The sessions also touched on the current trade talks between Japan and the EU over the proposed EPA (Economic Partnership Agreement), and the TTP (Trans Atlantic Trade Partnership) with the US. The trade deals would mean Japan had to change some of its industry practices to be in line with its partners, forcing certain reforms. It would also help open up a number of sectors to increased competition.

Tom said that signing up to these deals would mean accepting that there would be winners and losers but that it would ultimately offer opportunity for long term gains.

BCCJ members suggested encouraging FDI (foreign direct investment) would be a way of stimulating investment in Japan. Tom noted how Japanese investment in the UK has indeed led to mutual benefits.

Guests also suggested it was difficult to see Japan's recently announced USD 110bn Asian infrastructure investment fund as anything other than an answer to China's proposed USD 100bn Asian Infrastructure Investment Bank (AIIB).

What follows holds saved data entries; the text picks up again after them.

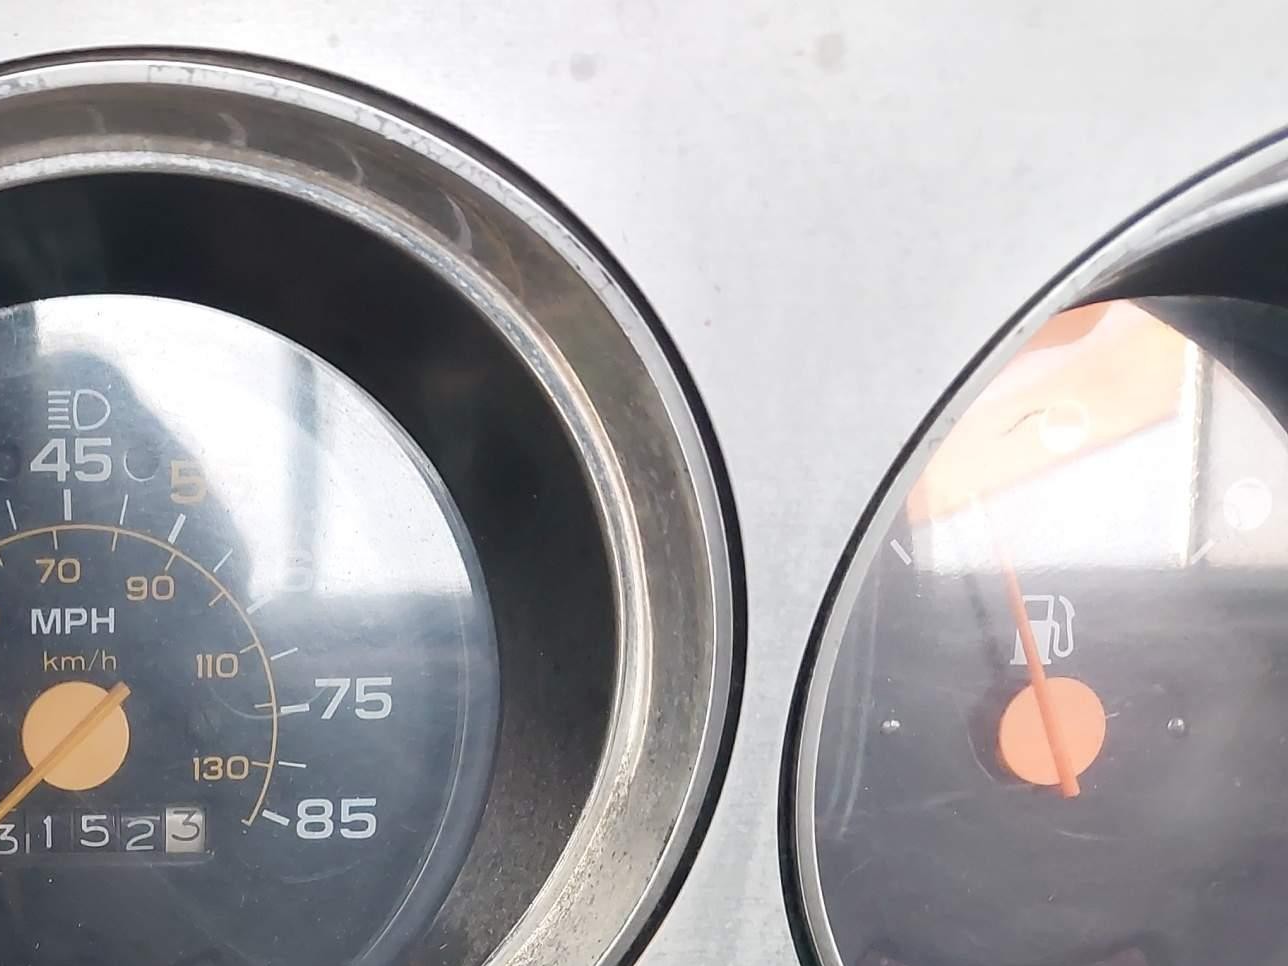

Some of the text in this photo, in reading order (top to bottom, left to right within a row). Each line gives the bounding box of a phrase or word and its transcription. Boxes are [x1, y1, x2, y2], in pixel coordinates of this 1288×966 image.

[30, 437, 112, 482] 45
[35, 558, 81, 584] 70
[125, 576, 175, 602] 90
[30, 607, 116, 635] MPH
[42, 650, 118, 673] km/h
[196, 653, 239, 679] 110
[314, 676, 393, 720] 75
[192, 755, 250, 782] 130
[295, 797, 378, 840] 85
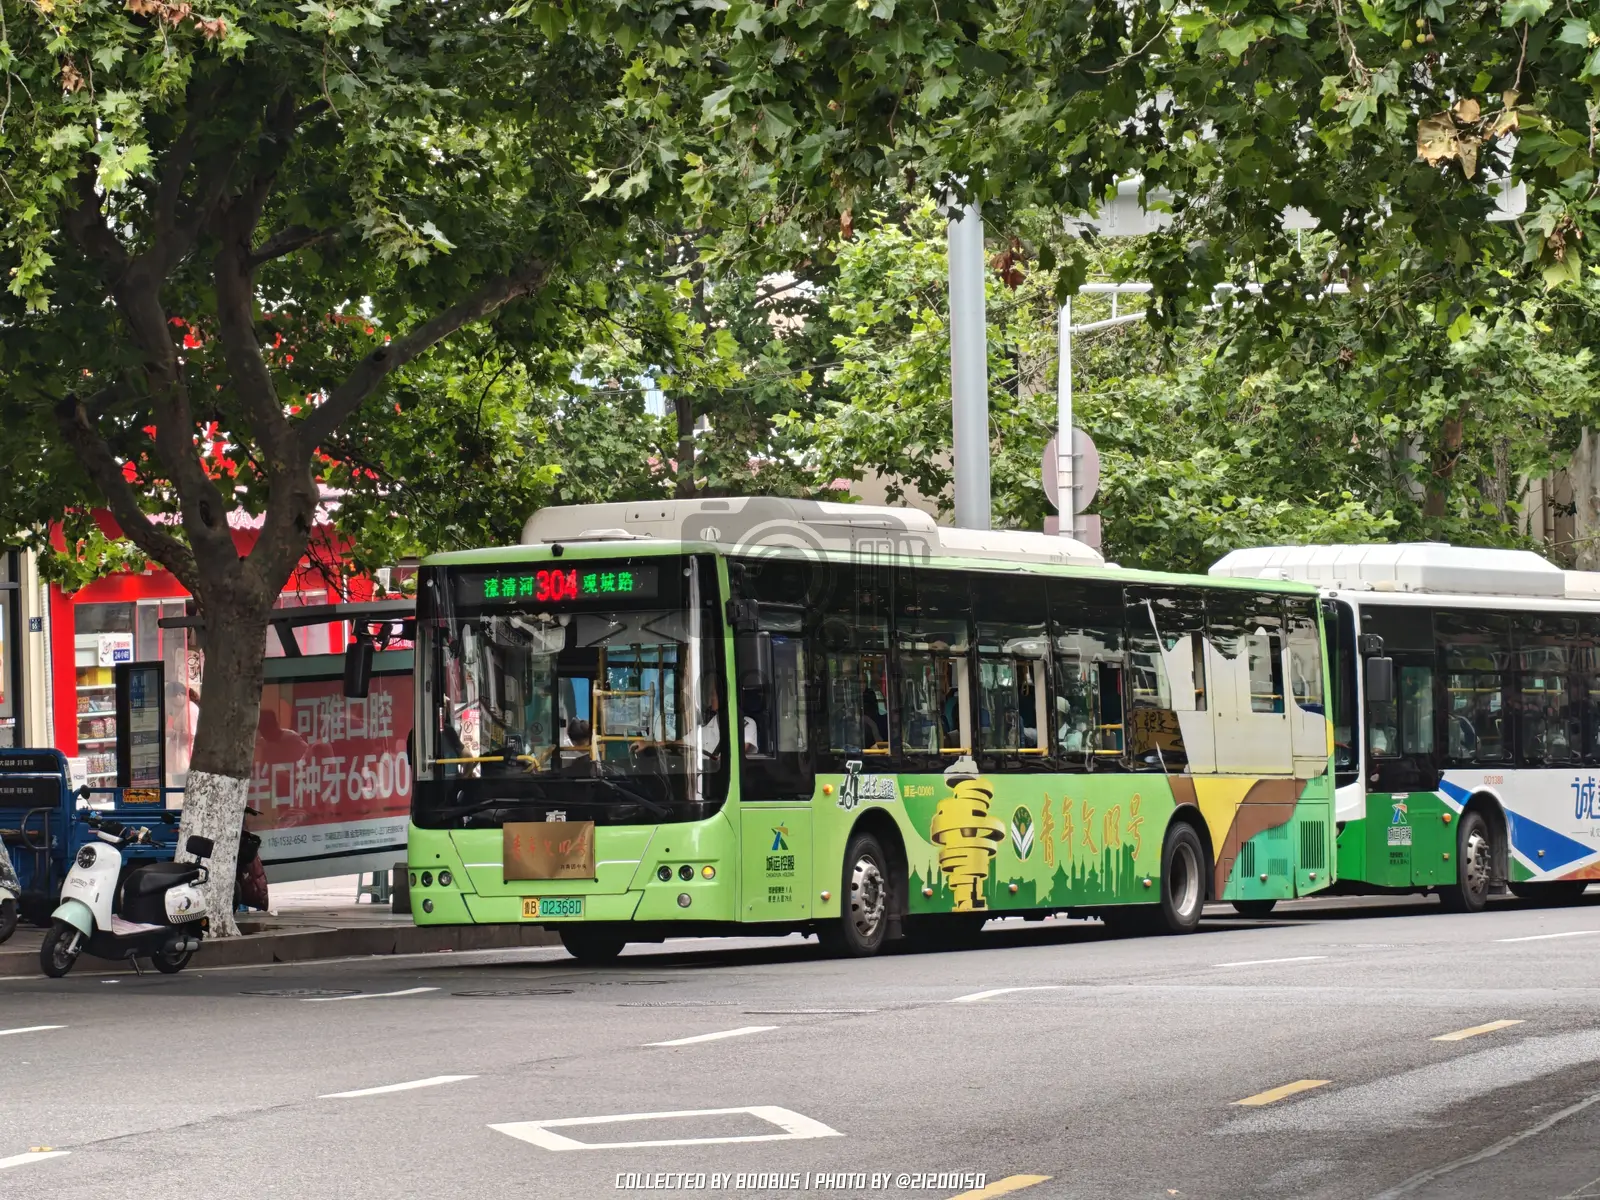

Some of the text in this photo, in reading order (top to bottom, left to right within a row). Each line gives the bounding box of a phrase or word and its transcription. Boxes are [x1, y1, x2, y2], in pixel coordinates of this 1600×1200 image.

[536, 569, 578, 601] 304
[295, 690, 393, 744] 可雅口腔
[247, 751, 410, 813] 半口种牙6500
[1570, 775, 1600, 820] 诚
[1040, 791, 1145, 868] 青年文明号
[766, 855, 795, 871] 城运控股
[541, 900, 582, 915] 02368D
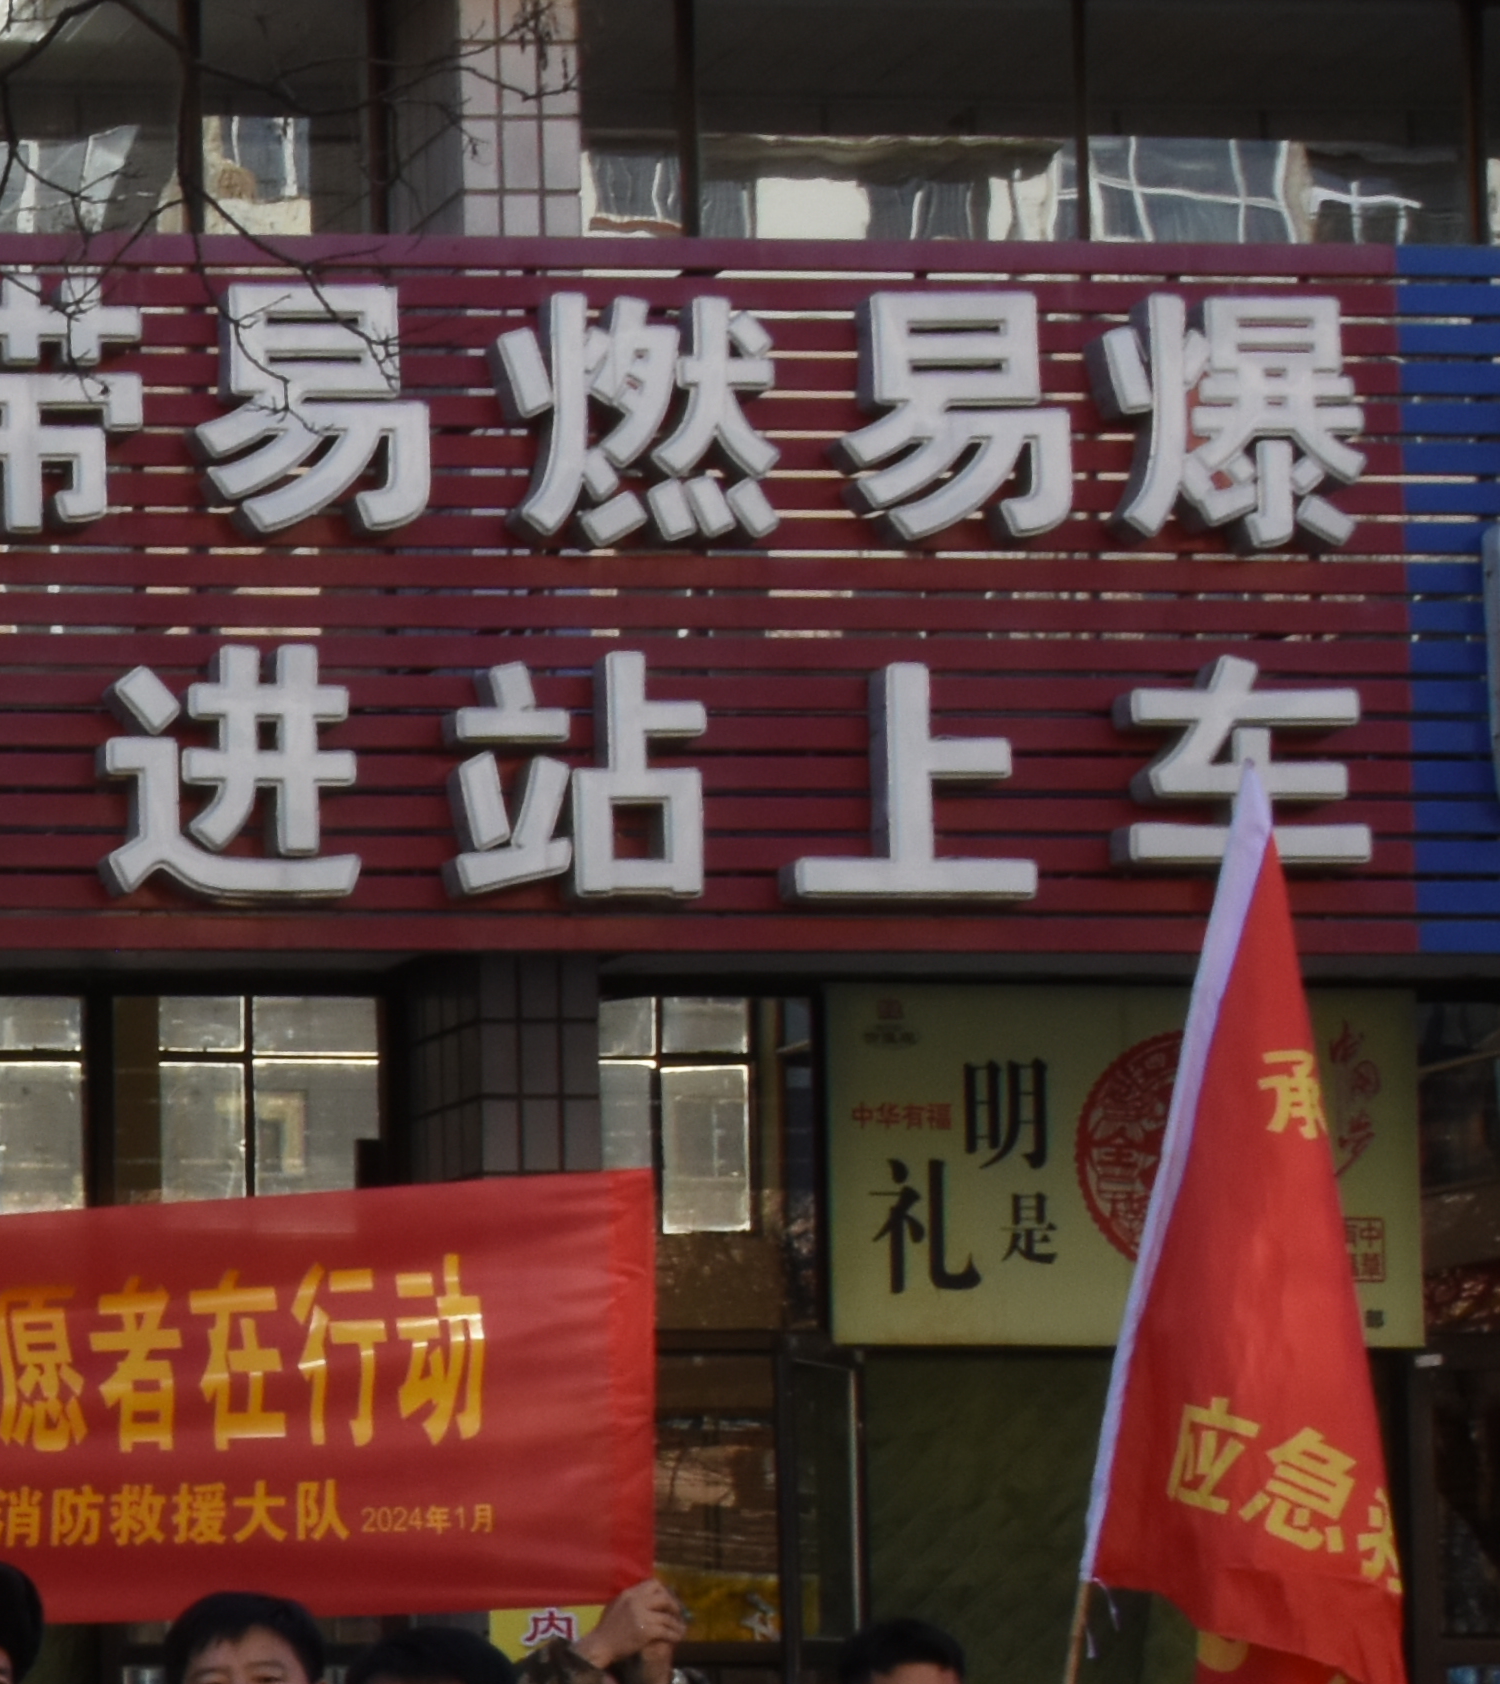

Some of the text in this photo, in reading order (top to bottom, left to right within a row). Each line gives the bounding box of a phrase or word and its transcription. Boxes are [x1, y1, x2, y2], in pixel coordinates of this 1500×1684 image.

[851, 1101, 953, 1132] 中华有福
[358, 1502, 497, 1537] 2024年1月

Womenomics was also discussed, with members citing a lack of childcare as a major issue for mothers wanting to return to work. Another barrier for women in the workplace raised was cultural mindset, with members giving examples of how even HR departments might still consider certain roles to be women or men-only and sharing stories of resistance to change. Guests pointed out that although more than 40% of highly educated citizens are women, only 11% of lower level management and just 1-2% of top level management were female.

BCCJ members also agreed that Japan needed to do more to encourage bilingual young people to see Japan as a country with long-term opportunities on offer, and particularly to nurture a future generation of entrepreneurs. Tom said: "Japan is sometimes perceived as risk averse. There is not lack of talent but risk-taking is not necessarily rewarded.”

The consensus was that Japan was not progressing quickly enough with reform, but members were unsure how business leaders, many of whom are due to retire over the next few years, could be motivated to implement change. Some members were concerned "creative destruction", where change is forced by a period of great economic hardship, might be necessary.

Tom thanked BCCJ members for their insights as business leaders in Japan. "There are lots of opportunities here and we want to keep Japan at the forefront of people's minds in the UK."